Smith’s Pony (Alfred J. Goulding, 1927)

No Carole Lombard film list is complete without at least a few of her Mack Sennett silent comedies. Lombard made 18 comedy shorts with the legendary slapstick producer between 1927 and 1929, appearing in both supporting and lead roles. I was initially hesitant to include Smith’s Pony because until recently, it was only available to view in an archival setting. However, I’ve managed to track down a fairly decent copy (see link below). Smith’s Pony was the first film that neophyte Lombard made upon signing her contract with Sennett, and remains one of the standouts of her silent period. Smith’s Pony was part of the “Smith Family” series that Sennett began producing in 1925, which he conceived to reflect “the average American family…who just naturally manage to get themselves into one predicament after another.” He had previously attempted a family series in 1920, but the Smith iteration was his first with recurring actors: Raymond McKee and Ruth Hiatt play Jimmy and Mabel Smith, respectively, while Mary Ann Jackson (later of Our Gang fame) was cast as their daughter, Bubbles, and Sennett’s dog, Teddy III, plays Captain. The Smith series was a major success, and over the course of the next four years Sennett produced nearly two dozen films. In this installment, the Smiths go on vacation to San Francisco. Along their journey they eat at a Chinese restaurant and attend a local horse show where Bubbles becomes enamored with a shetland pony. She pleads with Jimmy to buy it for her and he eventually relents, but he does not want to tell Mabel about their family’s newest addition until they return home. Unfortunately, she overhears Jimmy bargaining with the horse’s owner, Lillian (played by Lombard), and mistakenly believes that they are running away together. Lillian was one in a long line of modern “vamp” characters that Lombard played in her early career, trading on her youthful beauty and irresistible sex appeal. It’s been said that Lombard’s so-called “natural” affinity for screwball grew out of her formative years with Sennett, but because she was hired to be one of his “bathing beauties,” she is far less physical than one might expect. Smith’s Pony is typical of the coquettish roles that make up the bulk of her silent oeuvre.

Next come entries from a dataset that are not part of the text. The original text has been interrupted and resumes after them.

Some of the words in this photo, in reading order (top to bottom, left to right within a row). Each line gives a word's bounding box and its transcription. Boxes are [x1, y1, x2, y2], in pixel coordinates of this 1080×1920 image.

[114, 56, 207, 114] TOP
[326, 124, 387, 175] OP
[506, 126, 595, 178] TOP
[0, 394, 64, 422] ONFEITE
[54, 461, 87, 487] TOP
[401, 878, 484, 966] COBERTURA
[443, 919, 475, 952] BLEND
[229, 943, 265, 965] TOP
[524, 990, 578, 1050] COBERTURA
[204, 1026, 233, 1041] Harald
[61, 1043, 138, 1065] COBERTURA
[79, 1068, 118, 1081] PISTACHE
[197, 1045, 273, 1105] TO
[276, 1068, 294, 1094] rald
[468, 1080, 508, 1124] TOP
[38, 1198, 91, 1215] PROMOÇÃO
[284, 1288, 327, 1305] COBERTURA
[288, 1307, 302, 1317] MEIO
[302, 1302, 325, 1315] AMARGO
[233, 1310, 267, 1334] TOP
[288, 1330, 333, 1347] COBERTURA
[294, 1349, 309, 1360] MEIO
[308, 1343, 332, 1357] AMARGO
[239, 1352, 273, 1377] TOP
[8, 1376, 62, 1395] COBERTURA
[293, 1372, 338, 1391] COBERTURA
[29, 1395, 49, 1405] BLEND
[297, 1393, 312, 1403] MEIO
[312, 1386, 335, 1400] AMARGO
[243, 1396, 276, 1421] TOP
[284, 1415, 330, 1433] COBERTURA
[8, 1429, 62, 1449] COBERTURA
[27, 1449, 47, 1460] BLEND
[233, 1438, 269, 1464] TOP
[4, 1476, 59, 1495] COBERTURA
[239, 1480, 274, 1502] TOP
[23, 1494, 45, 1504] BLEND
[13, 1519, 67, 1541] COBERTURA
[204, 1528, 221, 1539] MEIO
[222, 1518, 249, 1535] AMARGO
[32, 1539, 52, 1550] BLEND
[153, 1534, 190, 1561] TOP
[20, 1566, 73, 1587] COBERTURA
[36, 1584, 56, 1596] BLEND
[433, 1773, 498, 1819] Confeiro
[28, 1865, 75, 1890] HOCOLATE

The SMITH’S PONY file is too large for WordPress, but I have uploaded it to my Google Drive. You can download it for free here.

The Swim Princess (Alfred J. Goulding, 1928)

Smith’s Pony may be representative of Sennett-era Lombard, but The Swim Princess is arguably the best of the bunch. By the time The Swim Princess went into production in January 1928, Lombard’s star status in Sennett’s troupe was on the rise. In late-1927, Lombard’s career was put on pause following a devastating car accident that left her with permanent facial scars. While she recuperated at home, Sennett gave her ample publicity to keep her name in the press, and promised her meaty roles upon her return to work. The Swim Princess was one of the first films she made following her accident, and she has a “star reveal” moment fit for a Hollywood A-lister. Framed lovingly in a medium close up, Lombard first appears with her back to the camera. As she turns around, she flashes a triumphant grin (with her hair and cloche hat strategically placed to cover her scars) as if to say “I’m back!” The Swim Princess was the fourth installment in Sennett’s “Girl Comedies” series, which was an updated version of his aforementioned bathing beauties ensemble. It follows the hijinks of a collegiate swim team and, in keeping with the gratuitous spirit of his bathing girls, is ripe with full-body shots of young female athletes in tight fitted swim suits. Lombard plays the rebellious star athlete, Trudy, who pays more attention to boys than her sport. She gets arrested for reckless driving on the way to her swim meet, which puts her team’s future at risk. Unlike many of Lombard’s Sennett shorts, The Swim Princess is the rare opportunity to see her performs what I consider to be some of the most demanding stunt of her career: in a feat of endurance and sheer fortitude, she balances between the doorway of a moving train and a car! The only surviving copies are housed in the UCLA and Cinémathèque française archives, so unfortunately your chances of seeing this film are low. But take my word for it: The Swim Princess is silly fun that is typical of Keystone’s irreverent style.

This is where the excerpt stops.